How to cite this URL:
Gupta M, Mummudi N, Mhatre R, Agarwal JP. Single-lung stereotactic body radiotherapy: A case report and discussion of therapeutic challenges. Lung India [serial online] 2020 [cited 2020 Mar 29];37:177-9. Available from: http://www.lungindia.com/text.asp?2020/37/2/177/279565



Sir,

Management of a second primary lung cancer (SPLC) after prior pneumonectomy (PP) poses a significant therapeutic challenge. Treatment options include sublobar surgical resection, conventional radiotherapy (RT), and stereotactic body RT (SBRT). Low cardiopulmonary reserve limits the use of surgery in a majority of patients. SBRT has been shown to be a safe and effective treatment option for medically inoperable early-stage lung cancer. However, there are limited data on the use of SBRT in patients with a single lung. Herein, we discuss the challenges in the management and case summary of one such patient.

68 year old gentleman presented with an incidentally detected right lung lesion. He had a history of left lung nonsmall cell lung cancer diagnosed in 2012. He received three cycles of neoadjuvant chemotherapy (pemetrexed and carboplatin), followed by preoperative external beam RT to the mediastinum and left hemithorax, using intensity-modulated RT, to a dose of 45 Gy in 25 fractions, following which he underwent a right pneumonectomy and left mediastinal nodal dissection. On routine follow-up, a new opacity was seen in the right lung on chest radiograph. 18-Fluorodeoxyglucose positron emission tomography/computed tomography (CT) scan showed a peripheral upper lobe lung nodule (3.3 cm × 3 cm, maximum standardized uptake value [SUVmax] of 16.6). Another subcentimeter nodule in the right lower lobe was too small to be characterized with low metabolic activity.

His pulmonary evaluation revealed severe obstructive changes with a forced expiratory volume in 1 s of 41% and a reduced diffusion capacity. He was considered unfit for any surgical intervention, including a transthoracic biopsy. His case was discussed in a multidisciplinary clinic, and it was decided to go ahead with SBRT for the larger upper lobe lesion and observe the smaller lesion.

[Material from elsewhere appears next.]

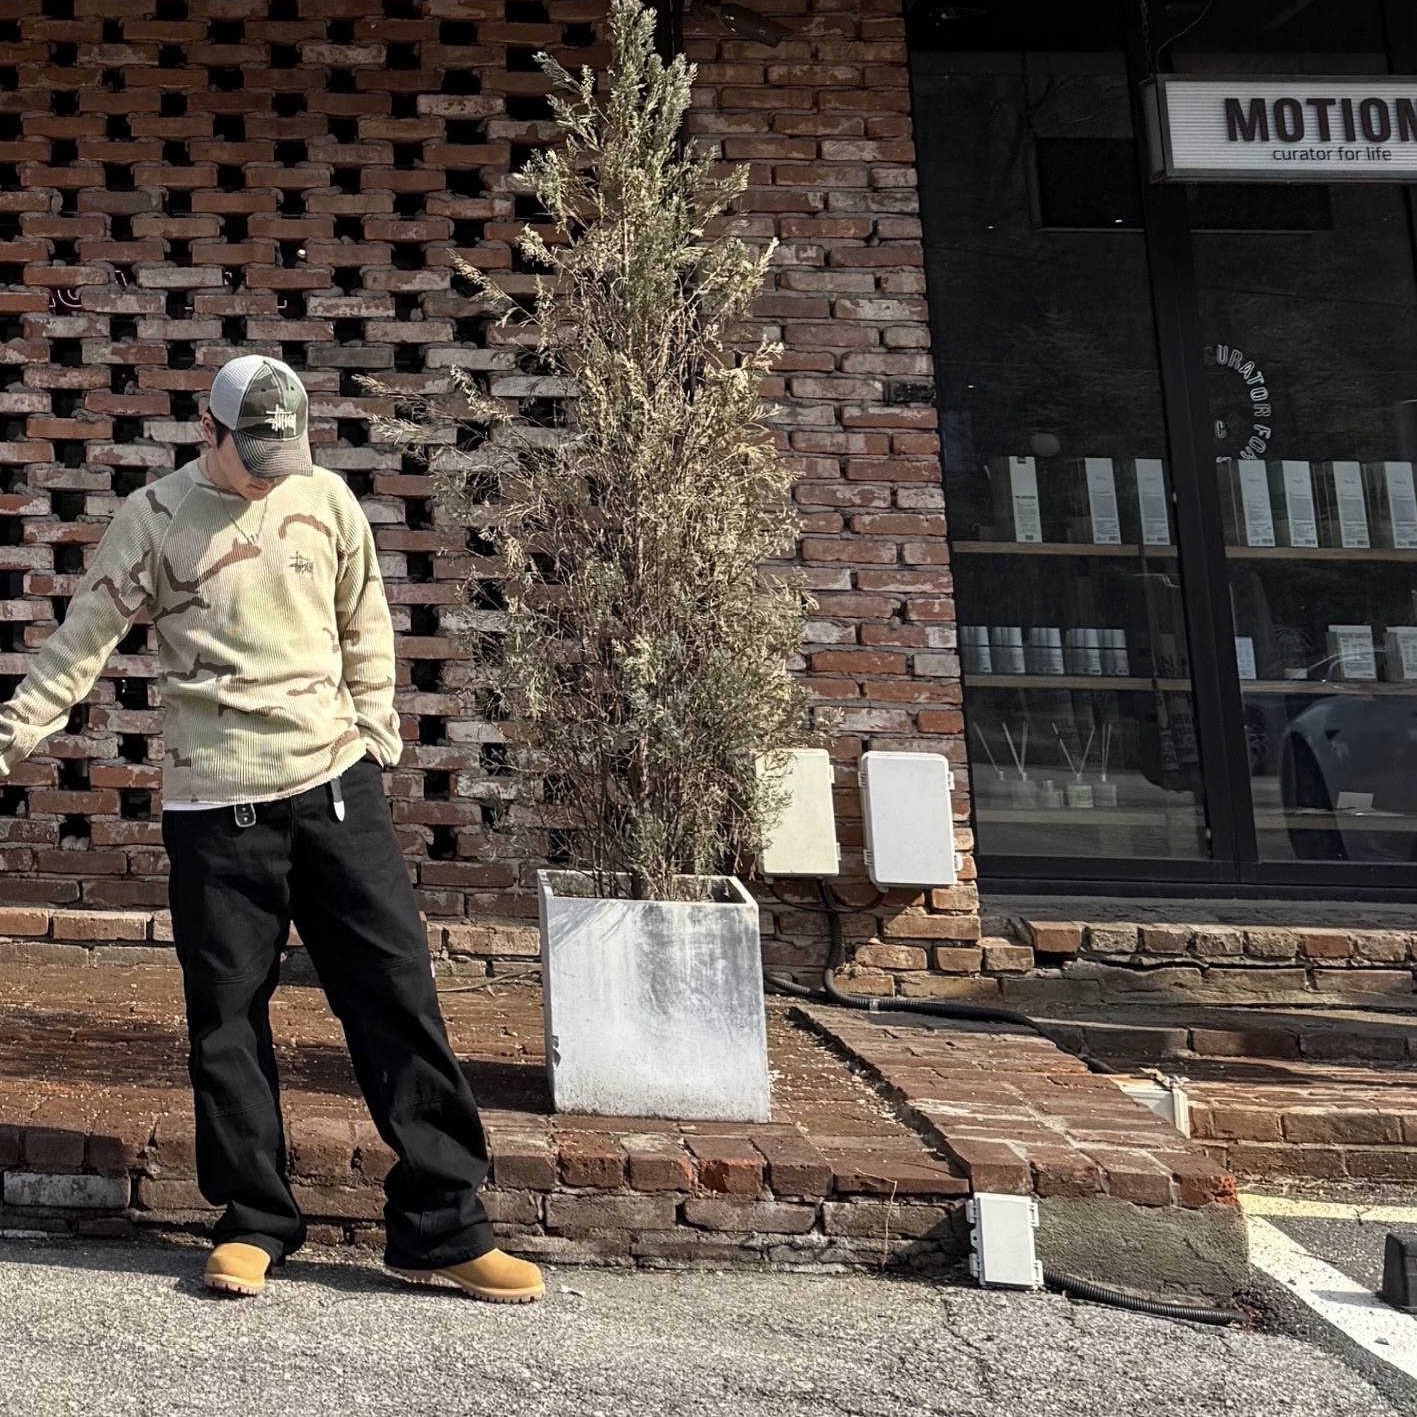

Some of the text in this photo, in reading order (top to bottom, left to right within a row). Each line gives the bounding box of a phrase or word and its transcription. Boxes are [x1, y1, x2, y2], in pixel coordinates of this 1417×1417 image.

[1272, 146, 1392, 161] curator for life

The dosimetric parameters from the last radiation were unavailable for review; however, the patient did not have any late radiation sequelae in the lung.

SBRT was planned using standard four-dimensional CT simulation and treatment planning process. The gross disease was contoured on maximum intensity projection images. The internal gross target volume was 12.84 cc, and planning treatment volume (PTV) was 38.20 cc. Treatment was delivered using volumetric modulated arc therapy (VMAT) technique to a total dose of 60 Gy in 8 alternate day fractions (7.5 Gy/fraction). The treatment plan was optimized to achieve D95 PTV (dose received by 95% volume) of 100%. The mean right lung dose was 4.6 Gy. The volume of lung receiving a dose of 5 Gy (V5) was 21%, V10 16%, and V20 10%. The mean dose to the esophagus was 24.3 Gy, and the maximum dose to the spinal cord was 17 Gy. The patient successfully completed treatment without acute radiation-induced pulmonary or esophageal toxicity.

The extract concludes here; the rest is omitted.